Fossil fuel use has enabled many of modern civilization’s comforts and conveniences, but it has also exacted a terrible public health toll. Experts have long understood that air pollution from the burning of fossil fuels contributes to many serious health problems, like asthma, heart disease and cancer. More recently, research has shown that air pollution harms our brains and our mental abilities too—especially among children (including unborn babies), the elderly, and people living in poverty.
For children, these harms include delays in development, reduced IQ, attention deficits, learning difficulties, behavioral problems, and autism, even when the exposure occurs before birth. In older adults, exposure to air pollution can contribute to dementia and possibly Alzheimer’s Disease. People living in poverty are often most exposed to air pollution, because of where they work and live.
Previous research suggests that many Americans are unaware of the myriad ways in which air pollution from fossil fuels harms our health. For example, only about half (55%) of Americans are able to name a single health impact, and the most frequently cited health effects are general (e.g., breathing problems) rather specific conditions (e.g., asthma, COPD). Notably, only one percent of Americans cited neurological problems.

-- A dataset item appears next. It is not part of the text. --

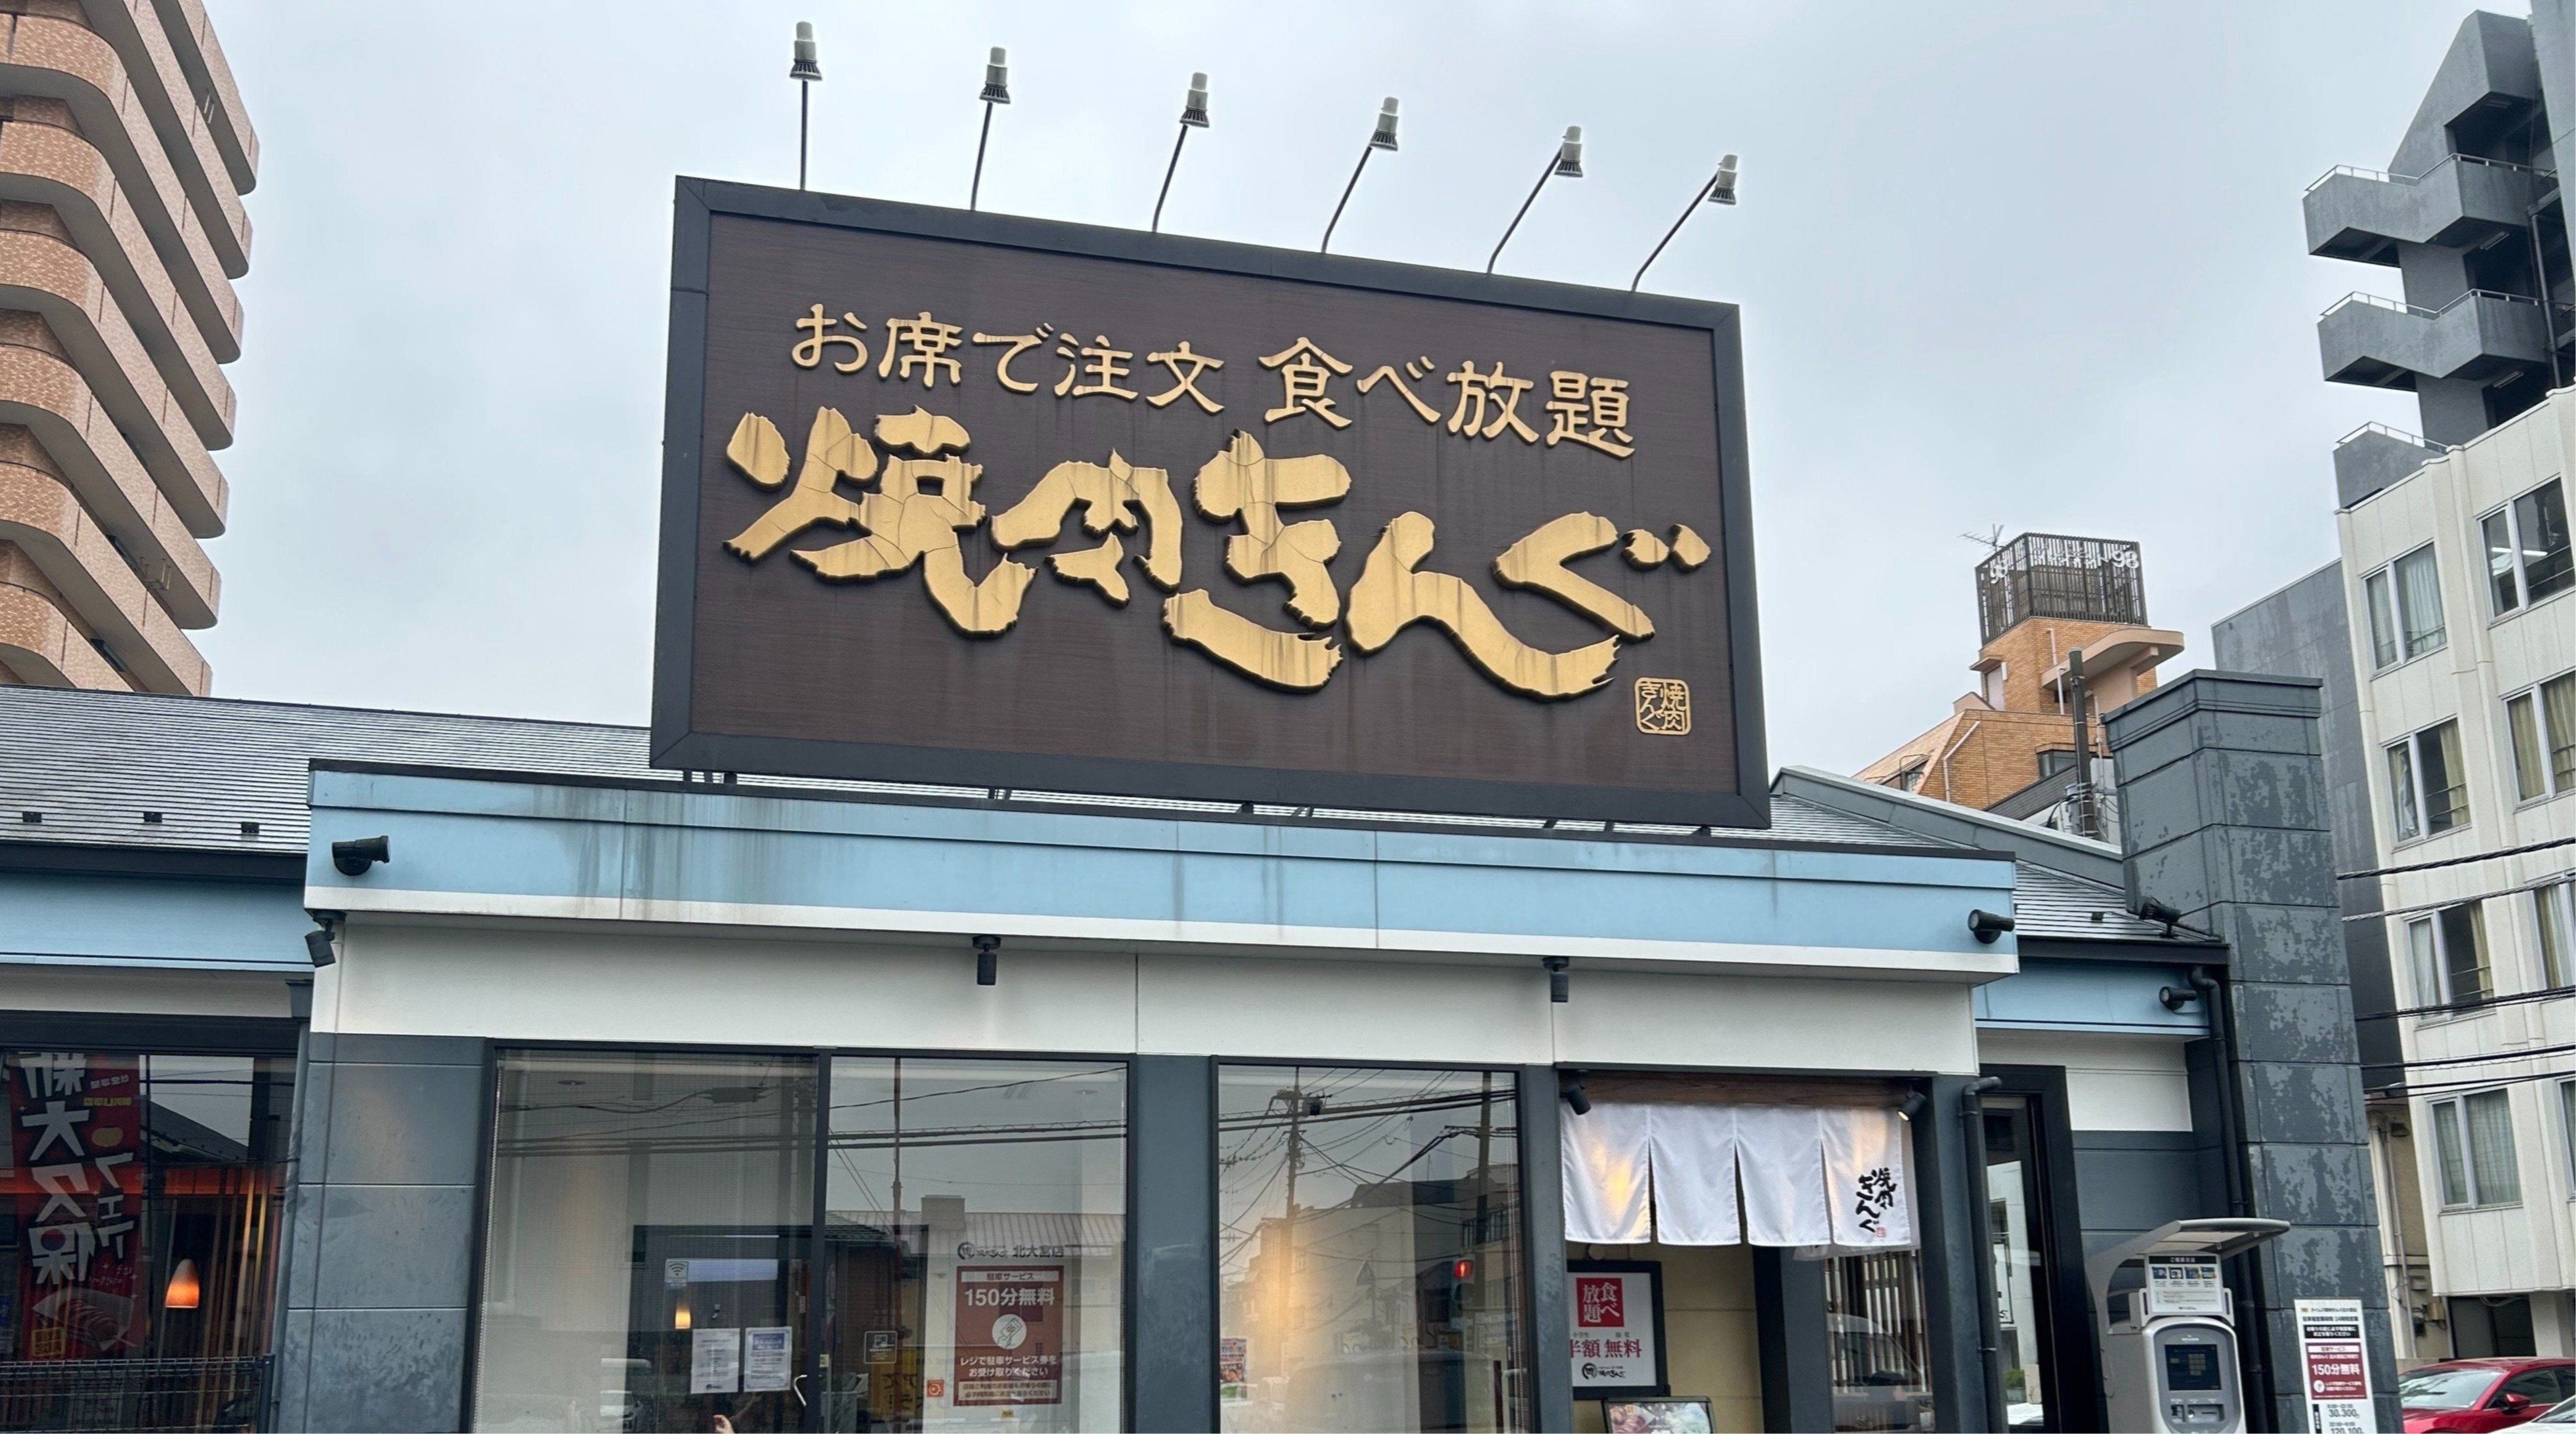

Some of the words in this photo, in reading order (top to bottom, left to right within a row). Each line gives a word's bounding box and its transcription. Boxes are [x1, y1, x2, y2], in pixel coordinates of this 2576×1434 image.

A large body of evidence suggests that a transition away from fossil fuels toward a clean energy economy will dramatically improve public health. Thus, a key question becomes: what is the best way to build public support for a clean energy economy?

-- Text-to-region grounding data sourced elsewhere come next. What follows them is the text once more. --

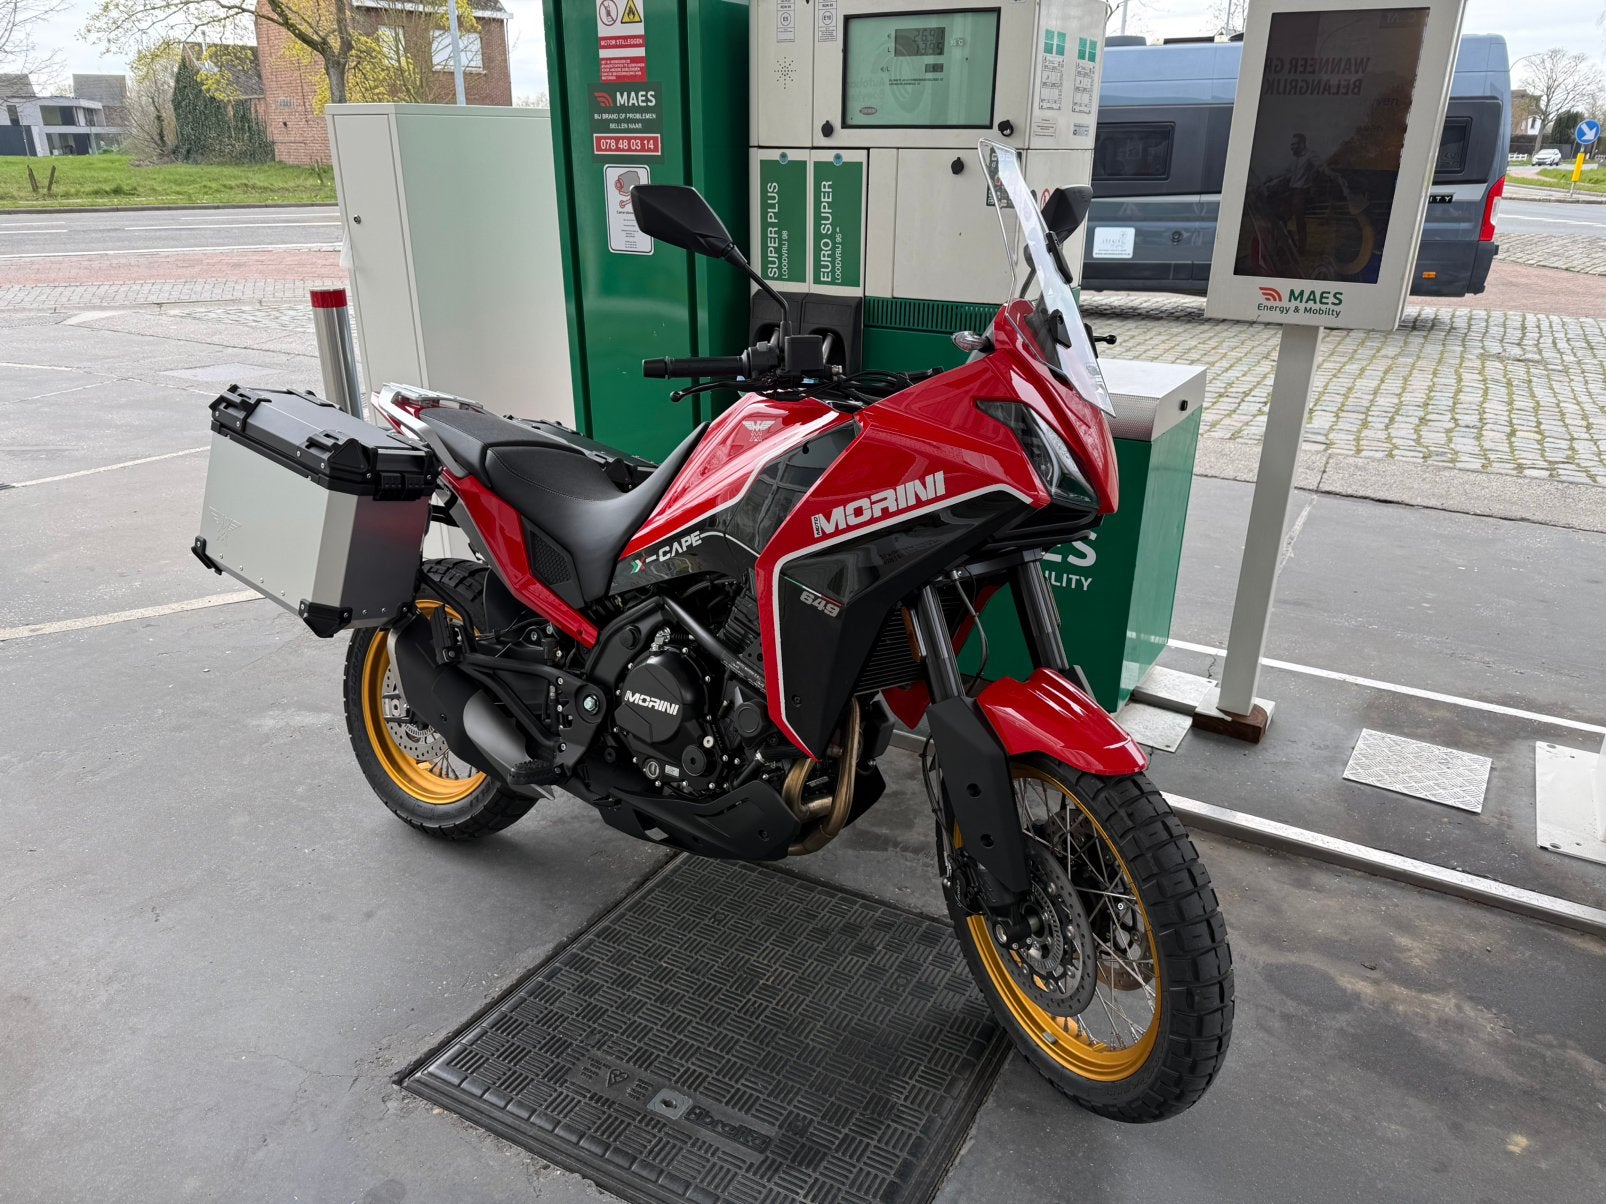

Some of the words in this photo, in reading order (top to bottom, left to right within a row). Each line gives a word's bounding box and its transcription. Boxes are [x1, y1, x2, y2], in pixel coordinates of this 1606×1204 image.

[616, 91, 656, 107] MAES
[600, 139, 616, 150] 078
[618, 139, 628, 150] 48
[631, 139, 641, 150] 03
[644, 139, 654, 150] 14
[767, 182, 779, 223] PLUS
[820, 180, 832, 235] SUPER
[1429, 195, 1453, 204] ITY
[781, 229, 788, 239] 98
[835, 233, 842, 243] 95
[767, 227, 779, 278] SUPER
[780, 240, 788, 279] LOODVRIJ
[820, 238, 832, 282] EURO
[1288, 288, 1343, 306] MAES
[1257, 303, 1290, 314] Energy
[1293, 306, 1300, 314] &
[1303, 306, 1341, 318] Mobilty
[818, 470, 946, 534] MORINI
[630, 530, 702, 574] X-CAPE
[799, 591, 840, 618] 649
[628, 690, 679, 716] MORINI

We set out to answer this question by identifying specific evidence-based messages about the health effects of air pollution from fossil fuels that are the most concerning to Americans. Additionally, we sought to ascertain whether exposure to such messages would cause changes in people’s attitudes and behavioral intentions in a manner consistent with support for a transition to clean energy.
Participants were most concerned about the potential harm to children’s brains.

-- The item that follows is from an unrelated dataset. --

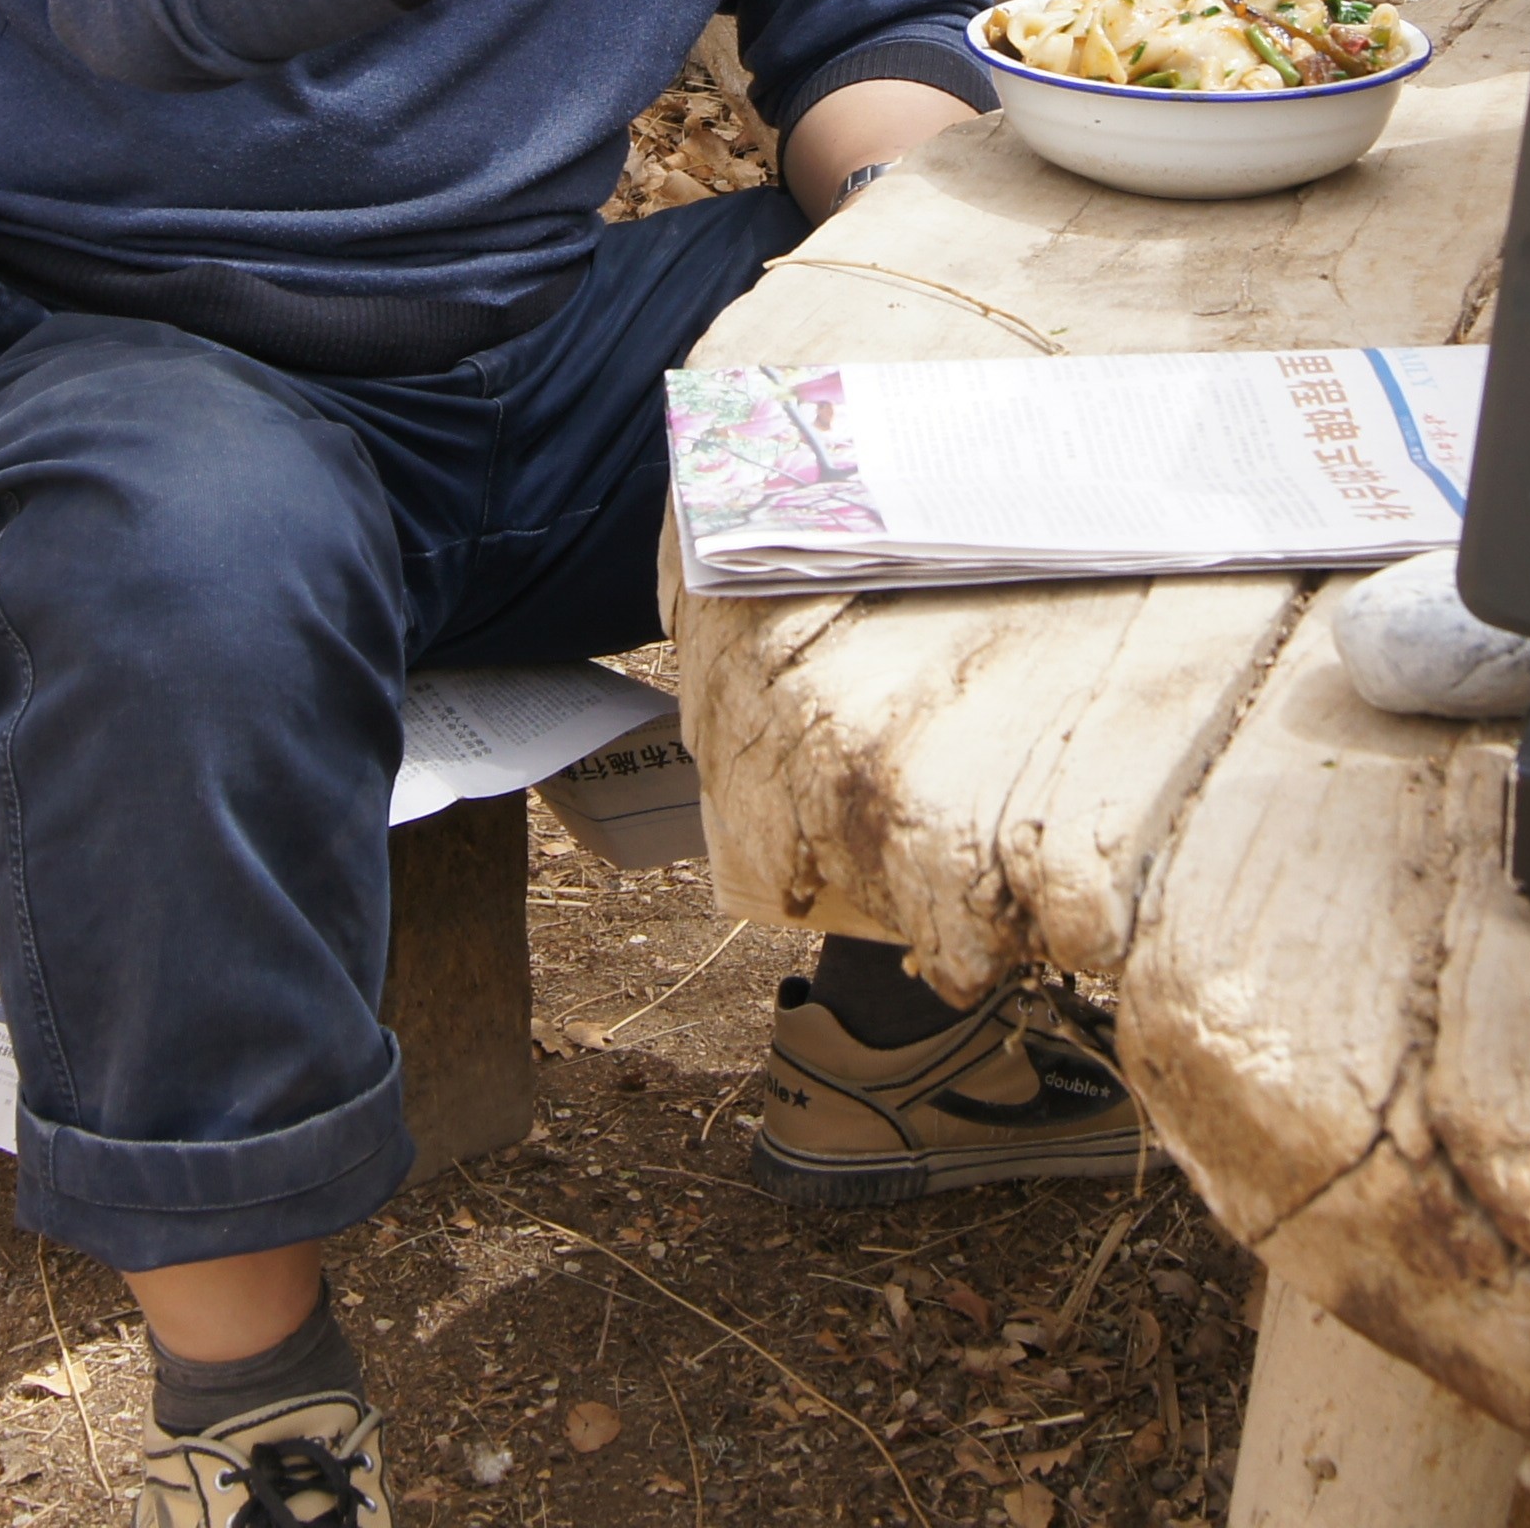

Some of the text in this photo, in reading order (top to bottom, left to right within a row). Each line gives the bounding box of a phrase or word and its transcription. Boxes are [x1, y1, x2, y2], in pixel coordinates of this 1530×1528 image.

To do this, we surveyed a large, demographically-diverse group of American adults (n=1644) and asked them to rank a set of ten different statements about the health effects of air pollution from fossil fuels in terms of which ones were the most and least concerning to them. We also assessed the cumulative impact of reading the ten statements by measuring participants’ attitudes about air pollution, fossil fuels, and clean energy both before and after the ranking task.
We found that the harms to older adults’ brains as well as the more well-established harms associated with asthma, heart disease and cancer were of concern, but our participants were most concerned about the potential harm to children’s brains. What’s more, this general pattern of results was largely consistent across a number of partisan and demographic subgroups, even among older adults and those living in low-income households.
After the ranking exercise, Republicans, Independents, and Democrats alike exhibited increases in perceived health harm of air pollution and fossil fuels, a desire for more clean energy, and intention to engage in consumer advocacy to support clean energy.
Our research findings are not unique; other teams of researchers are reaching similar conclusions. In total, these studies provide strong evidence of the value of communicating about the health effects associated with burning fossil fuels.
Efforts to communicate about the harms of air pollution to heart and lung disease and cancer are reasonably well-established— thanks to the efforts of the American Lung Association and others—and should be continued. Efforts should now be organized to communicate about the harmful effects of burning fossil fuels on our brains, particularly the neurodevelopmental impacts on babies and children.
Health messages have great potential to help the public and policymakers understand what’s really at stake.
Health professionals and health organizations are the ideal messengers to be leading these public engagement efforts, because doctors, nurses, pharmacists and other professionals are among the most trusted members of every community.
Health messages about air pollution and fossil fuels—delivered repeatedly in clear terms by a variety of trusted health professionals—have great potential to help the public and policymakers understand what’s really at stake.
They also have the potential to involve important new stakeholders and other trusted voices—like groups concerned about the wellbeing of babies before birth—who have not traditionally been involved in the campaign to clean our air. This public engagement strategy offers the very real possibility of breaking through the political gridlock for the benefit everyone’s health.